Roma, presentato il bilancio del Comune: persi molti incassi

Registrate molte perdite nel bilancio del Comune di Roma. All’appello mancano 300 milioni di incassi a causa della crisi generata dal Covid. Secondo l’assessore Lemmetti servono altri fondi

Piazza del Campidoglio – Foto Wikipedia

La previsione bilancio Comune di Roma

Il lockdown ha azzerato i pagamenti. Di conseguenza il comune di Roma non ha avuto entrate regolari. Multe congelate, rette degli asili nido non versate, tributi sospesi. E il bilancio ne risente. Per la prima parte del 2020 è stata rilevata una riduzione delle entrate per 314,6 milioni di euro.
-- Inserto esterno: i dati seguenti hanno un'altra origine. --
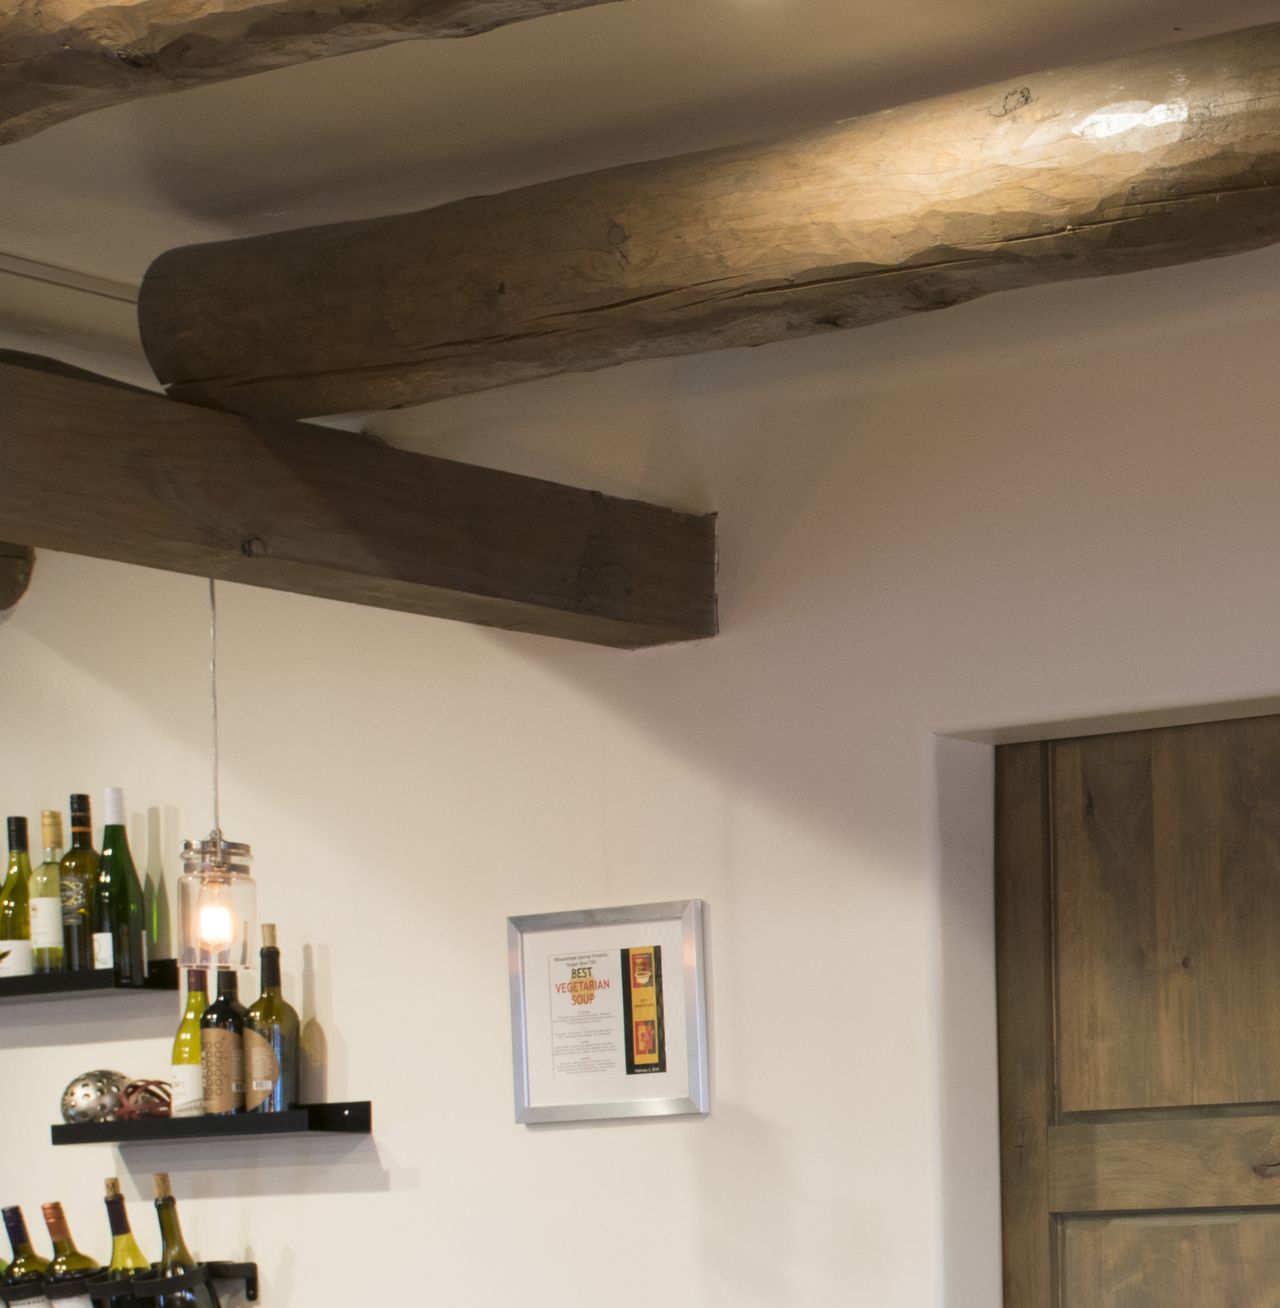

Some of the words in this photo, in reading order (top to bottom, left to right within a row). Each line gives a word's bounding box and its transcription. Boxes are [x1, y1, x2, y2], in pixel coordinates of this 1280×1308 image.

[571, 967, 592, 979] BEST
[555, 979, 610, 993] VEGETARIAN
[571, 994, 595, 1005] SOUP
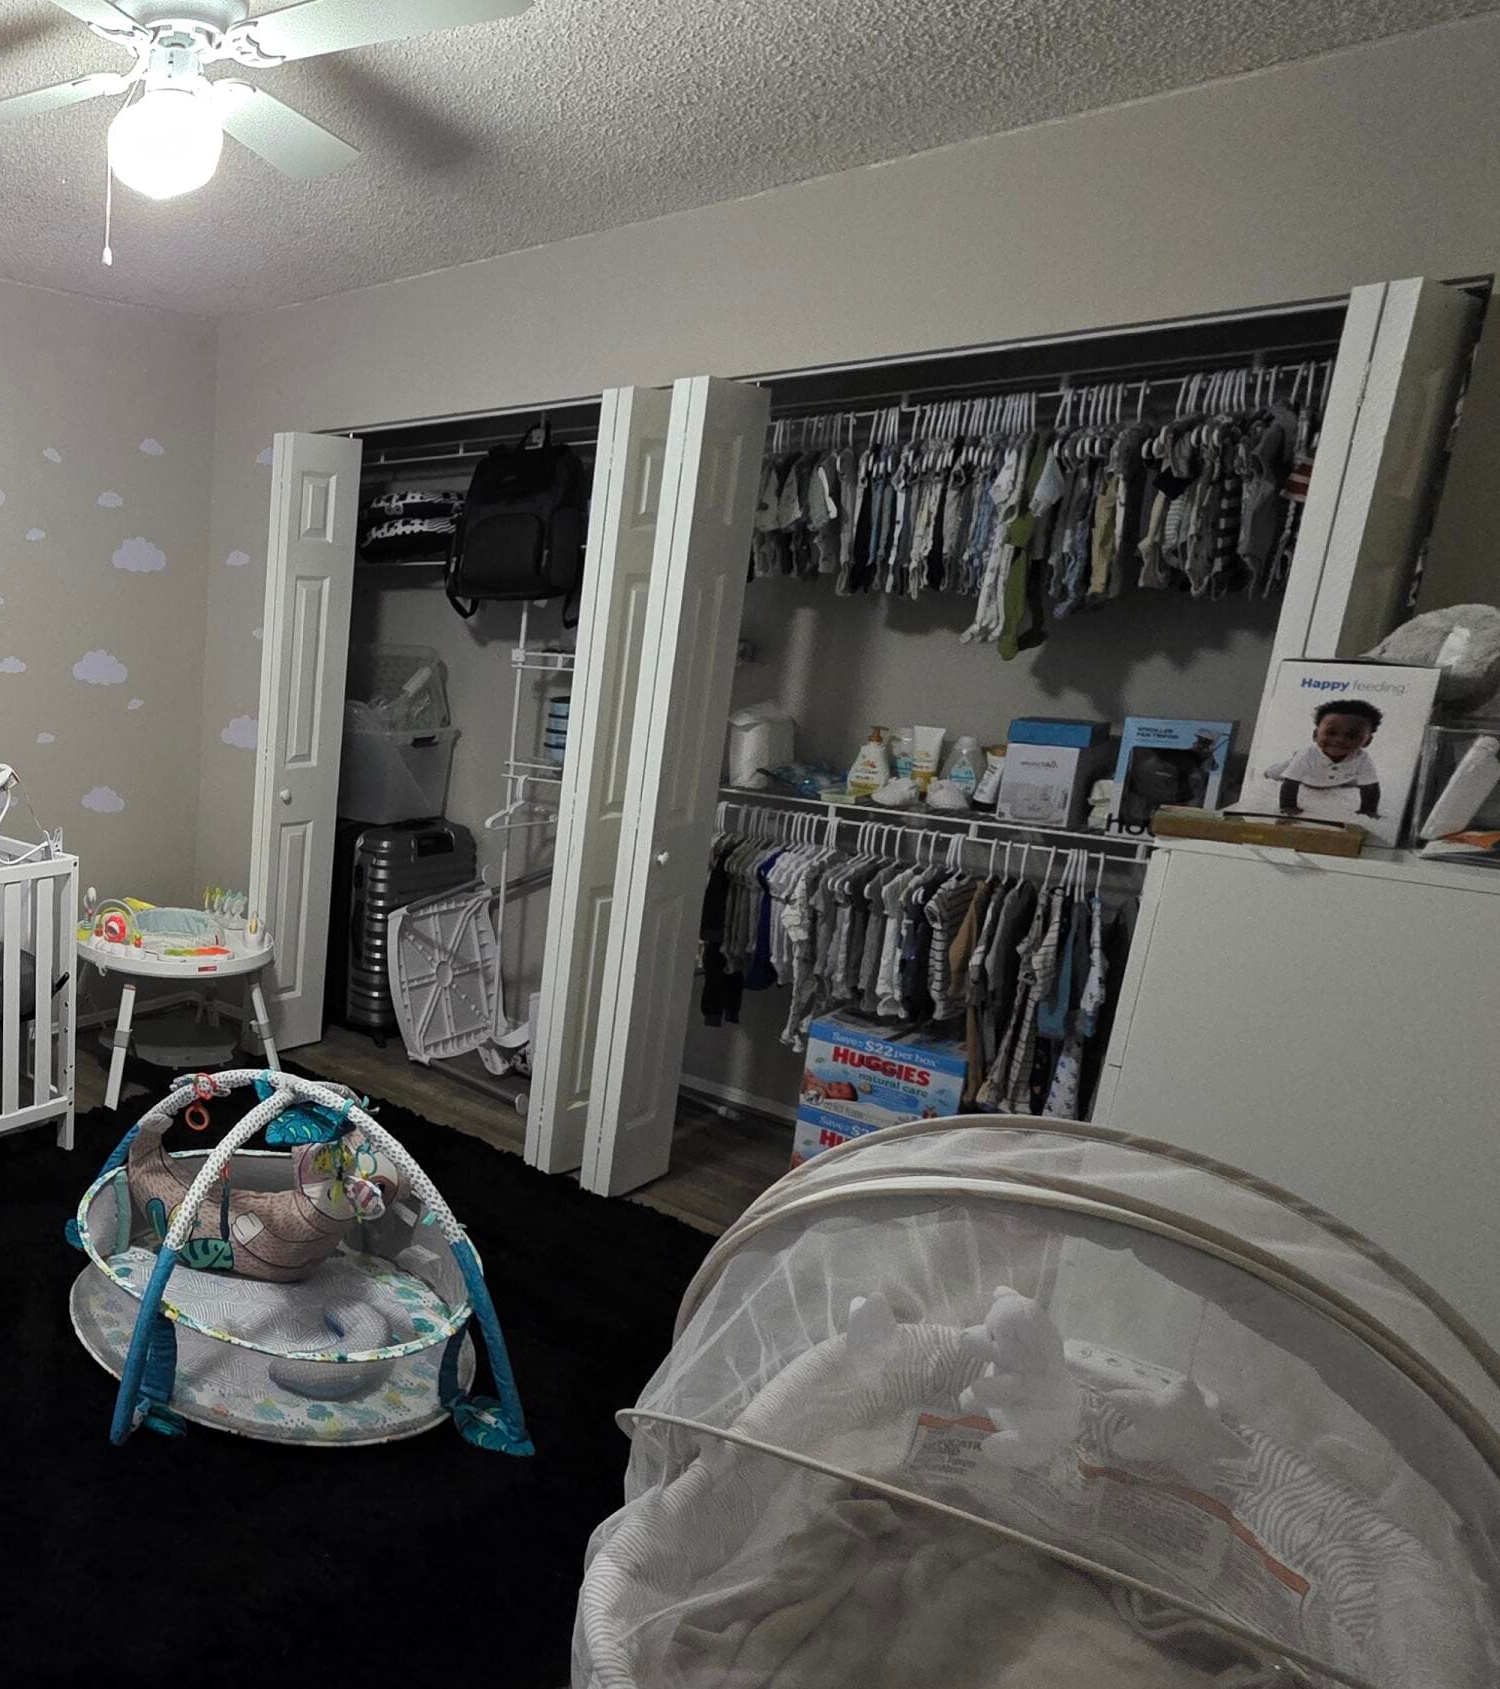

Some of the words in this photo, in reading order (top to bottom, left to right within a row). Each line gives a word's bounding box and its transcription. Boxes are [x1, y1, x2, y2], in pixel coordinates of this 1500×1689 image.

[1301, 677, 1350, 692] Happy
[831, 1045, 931, 1087] HUGGIES
[865, 1039, 894, 1058] $22
[894, 1048, 913, 1062] per
[914, 1053, 937, 1067] box
[858, 1072, 901, 1090] natural
[903, 1085, 929, 1098] care
A confermarlo è la delibera per l’assestamento di bilancio di previsione votata quest’oggi dalla Giunta capitolina, che sarà votata a settembre anche dal Consiglio comunale. Come già accennato all’inizio, il buco è stato causato dall’assenza dei contributi per il suolo pubblico, della tassa di soggiorno versata dai turisti, dalle multe sospese durante la quarantena, dal canone per la pubblicità. Mancano anche le rette degli asili nido e delle mense scolastiche.

I contributi statali, pari a 228 milioni di euro, hanno coperto in parte la mancanza. “Abbiamo recepito i primi trasferimenti statali per coprire perdite dovute alla pandemia” – dichiara l’assessore al Bilancio Gianni Lemmetti – “Registrate oltre 300 milioni di mancate entrate. Sono necessari altri fondi”.